Internal Code: MAS3929
Katanga Bay is a small undeveloped port on the south coast of an African country and has been selected for the site of a new process plant for Natural Gas Liquids (NGL) which will be supplied by offshore production platforms. After the gas is separated from oil on the platforms offshore, the gas will be pumped ashore in a pipeline close to a new marine terminal at Katanga Bay. From there it will be piped two kilometres to the new NGL Plant where firstly the methane will be separated from the rest of the gas product. The methane will then be sent to a neighbouring national grid plant, leaving the remaining NGL to be processed further. The ethane will then be piped to an adjacent ethylene cracker plant for further processing and cracking. The propane and butane will be chilled, liquefied and stored on site within double integrity tanks. The gasoline will also be stored on site within floating roof tanks. All these liquids will then be piped back to the new marine terminal for loading onto ships for export. The national Government, represented by the Minister of Energy and other officials were extremely keen on the NGL project. Part of this was due to the fact that the project was estimated to generate more than 400 local jobs plus the creation of at least the same number indirectly in local support services and supplies. They were also anticipating considerable tax revenues once the NGL plant was in production.
1) Using only the information provided in the sections headed: “Project background” and “The project business case” analyse the financial information which justifies NPI investing in the project. Show your workings in $m over a six-year period (one year for construction followed
by five years in production). Assume this analysis was carried out well before any work started on the project. Comment on the commercial implications of the results presented.
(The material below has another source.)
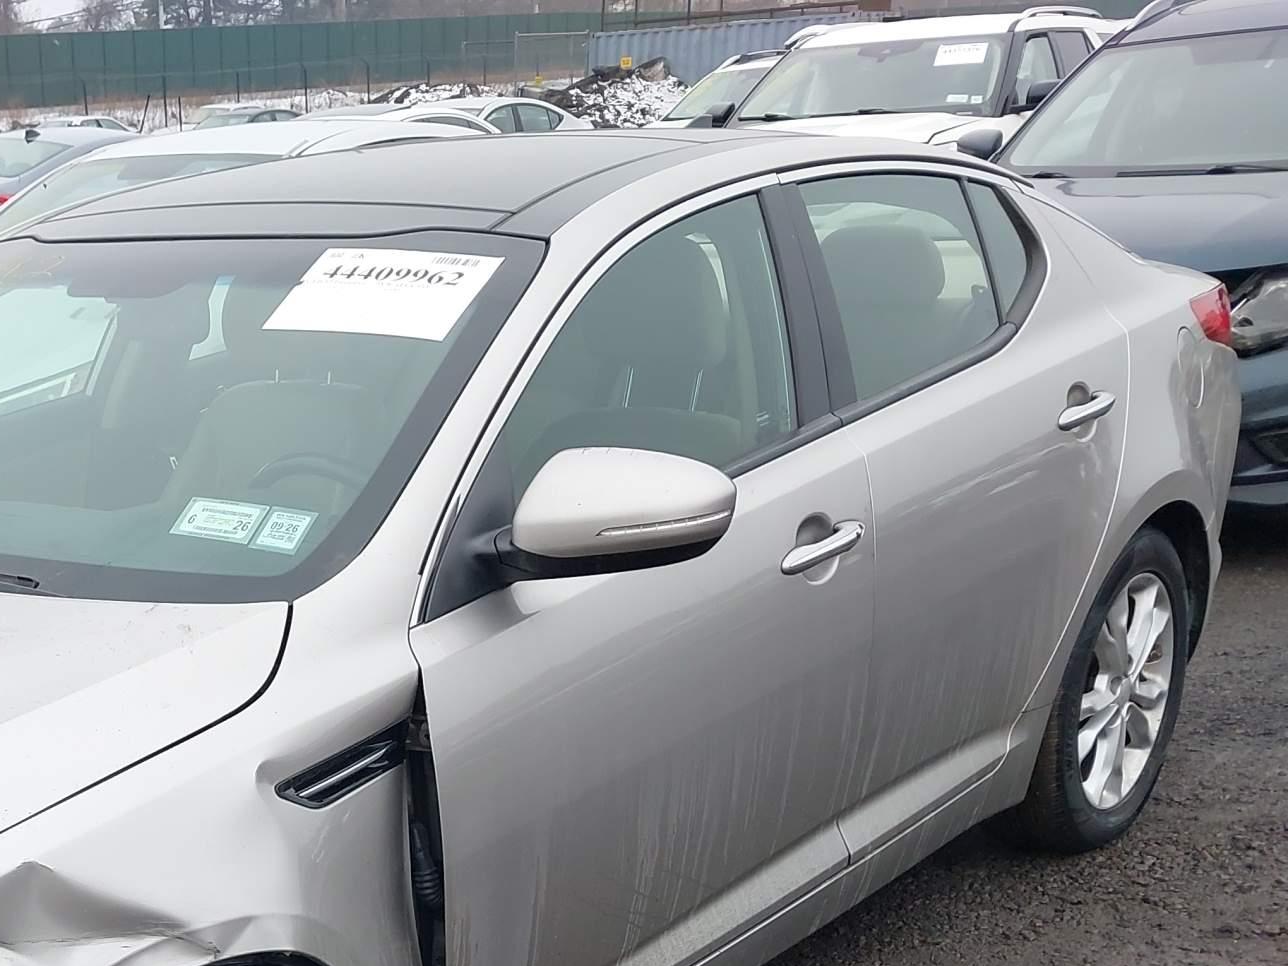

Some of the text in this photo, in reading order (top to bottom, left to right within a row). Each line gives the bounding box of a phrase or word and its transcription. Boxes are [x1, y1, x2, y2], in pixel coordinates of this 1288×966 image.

[322, 264, 465, 286] 44409962
[232, 519, 251, 532] 26
[285, 523, 300, 533] 26
2) Use the template provided to create a risk register, identifying a maximum of ten risks that NPI are facing with a project of this nature.
3) Prepare a Gantt chart for the project to a professional standard, with a bar for each of the seven stages. Ignore the possibility of any public holidays. The plan should start on Monday 8/1/18.
4) Develop a week by week resource histogram to show the Commissioning Engineers required during the Commissioning stage only. Identify the maximum number required during the stage.